Thanksgiving was one of my favorite holidays growing up. I ignored the “giving thanks” part, and was focused on one thing: Preparing to eat as much food as humanly possible. Each year, I’d sit down in front of a wonderful feast prepared by my mother, devour it, and sit in a food-coma stupor in front of the football game for the rest of the evening. And then, when it got dark: leftovers! All the dishes would come back out and we’d stuff our faces all over again.
But something happened somewhere in my teenage years; I was asked to help with the dinner. It started with the table settings: “Well, you know how it goes. Can you just set it up?”
It moved toward “This year you can make the mashed potatoes.”
It has ended with, “One day soon, you’ll take over hosting Thanksgiving and I’ll come to you.”
What? This food didn’t magically appear? I was introduced to the hours of sacrifice it took to prepare the meal, clean the house, and coordinate the guests.
Sitting down to the table after understanding the work involved, I became much more aware of others eating beside me. Did Uncle Joe get enough of the potatoes? Did everyone get the corn passed around? My vision moved from my own plate to accessing the needs of others.
I remember the moment that Thanksgiving as I knew it was over. Enjoying the food and wanting more, my mind thought “I’ll have another slice of turkey.” However, eyeing the emptying plate, out of my mouth came “Would you like the last of the turkey? Have some more!” My stomach was astonished at my words but there the turkey went on Grandma’s plate.
Christ’s table works the same way. Every day, Jesus prepares a feast. It is a main course of love dished up with slices of mercy, dressed with forgiveness, and stuffed with compassion. You have to have your healthy veggies of counsel too, but balanced with a sweet dessert of peace and grace.
When we first come into a relationship with Christ, we do what I did at Thanksgiving as a child. We stuff our faces, starving for His word and the gifts of presence in our lives. We focus on ourselves, because we need the nourishment. We hear ourselves saying: “I’ll have another slice of Mercy, Lord.” Maybe 10, please.
But we can’t hoard the gifts of Jesus forever. Everything we eat at that table, we have to be prepared to give to someone else. For everything God has prepared for you,H e has also made a to-go plate for your neighbor, and it is up to you to deliver it. Are you willing? Maybe you can’t give the whole meal at once, but learn to hand over a side dish. Learn about the sacrifice, because you know that Jesus’ blood, sweat, and tears went into the meal he prepared, and his work shouldn’t be wasted.
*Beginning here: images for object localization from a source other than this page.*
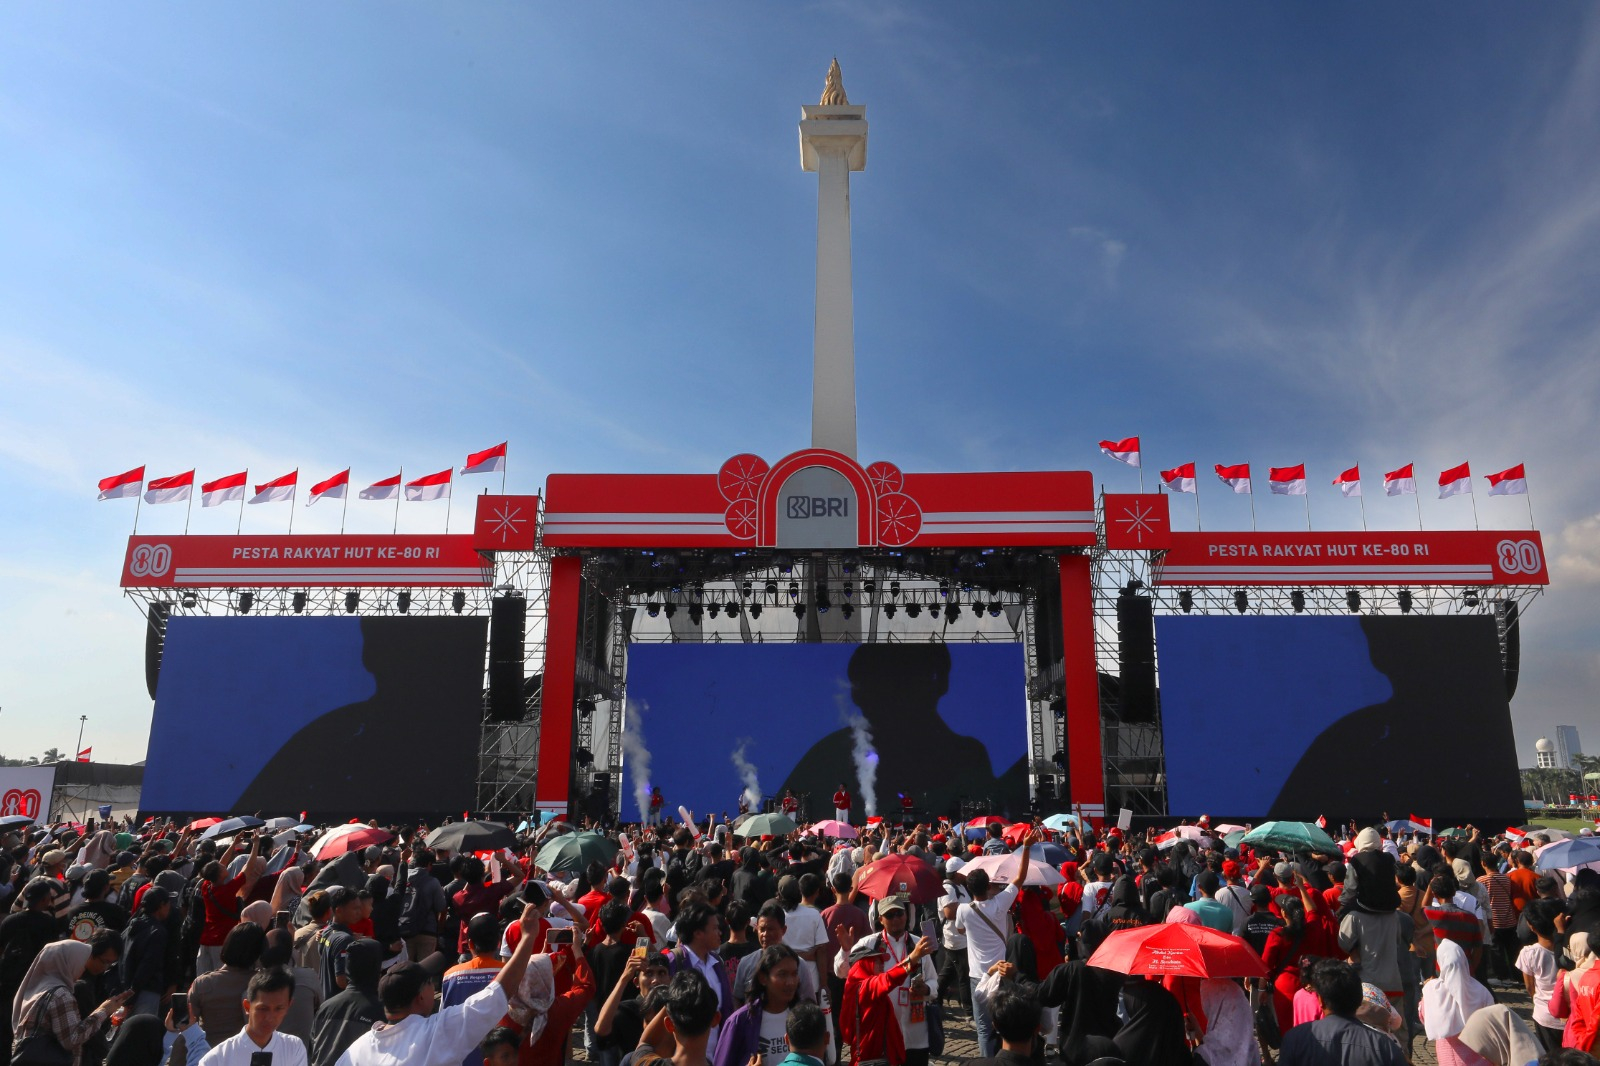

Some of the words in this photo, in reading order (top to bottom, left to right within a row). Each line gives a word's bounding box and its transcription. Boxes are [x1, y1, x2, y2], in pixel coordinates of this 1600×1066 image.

[812, 498, 848, 517] BRI
[232, 547, 279, 559] PESTA
[283, 547, 341, 559] RAKYAT
[344, 547, 374, 558] HUT
[377, 547, 422, 558] KE-80
[425, 547, 440, 558] RI
[1209, 544, 1258, 557] PESTA
[1262, 544, 1322, 557] RAKYAT
[1327, 544, 1358, 556] HUT
[1362, 544, 1410, 556] KE-80
[1414, 543, 1429, 556] RI
[1497, 539, 1541, 575] 80
[130, 544, 172, 577] 80
[1, 788, 41, 820] 80
[770, 1037, 786, 1046] THI
[771, 1045, 789, 1054] SEC
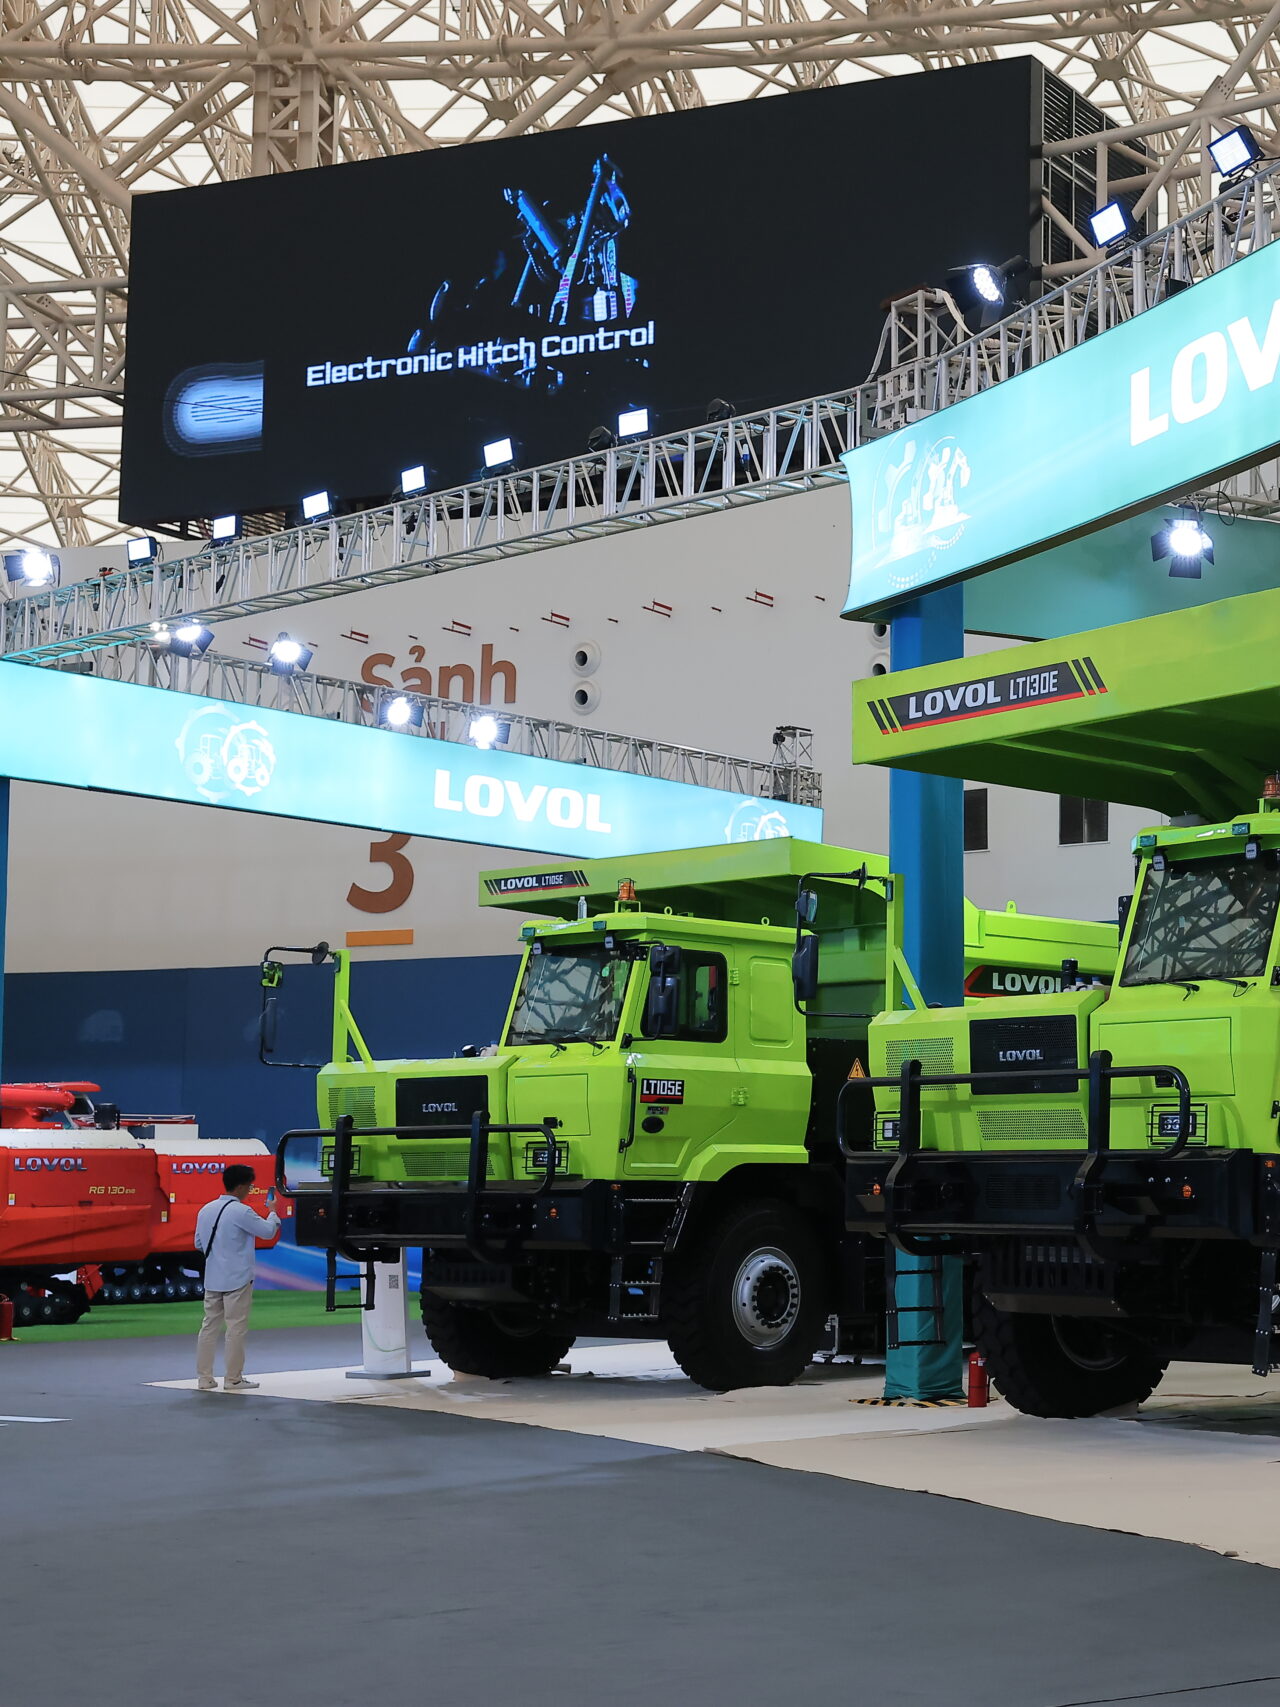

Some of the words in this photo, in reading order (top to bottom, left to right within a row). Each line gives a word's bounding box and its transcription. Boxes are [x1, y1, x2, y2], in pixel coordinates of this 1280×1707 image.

[306, 349, 453, 387] Electronic
[457, 337, 536, 369] Hitch
[541, 321, 655, 358] Control
[908, 680, 1001, 720] LOVOL
[1009, 670, 1058, 701] LT130E
[433, 768, 612, 834] LOVOL
[346, 833, 415, 914] 3
[500, 876, 539, 890] LOVOL
[541, 874, 564, 886] LT105E
[999, 1049, 1044, 1062] LOVOL
[643, 1079, 683, 1096] LT105E
[422, 1102, 458, 1113] LOVOL
[14, 1157, 88, 1172] LOVOL
[89, 1186, 105, 1194] RG
[107, 1186, 125, 1194] 130
Let’s start with mercy. Instead of “I’ll have another slice of Mercy,” we have to learn to say “Can I give you a slice of mercy today? Your plate looks like it needs it.”
Jesus instructs us in the great commandment to Love our neighbor as ourselves. Everything you want to feast on from God’s table, bring to others.
To those who are given more, more is expected. So, eat that one more slice of mercy. Beg for it day in and day out, but then be prepared to dish it out on all your neighbor’s plates. Ask and you shall receive, but when you receive, be willing to share.
The kingdom of God is dependent on the chain reaction of love we have for one another. We are thankful for God’s feast. We are thankful that the nourishment will never run out. May we learn to spread that feast to others in gratitude for what was given to us.
–Megan Cottam, BSL
(Originally preached at the Near North Ministry Gospelfest, 11/18/2012)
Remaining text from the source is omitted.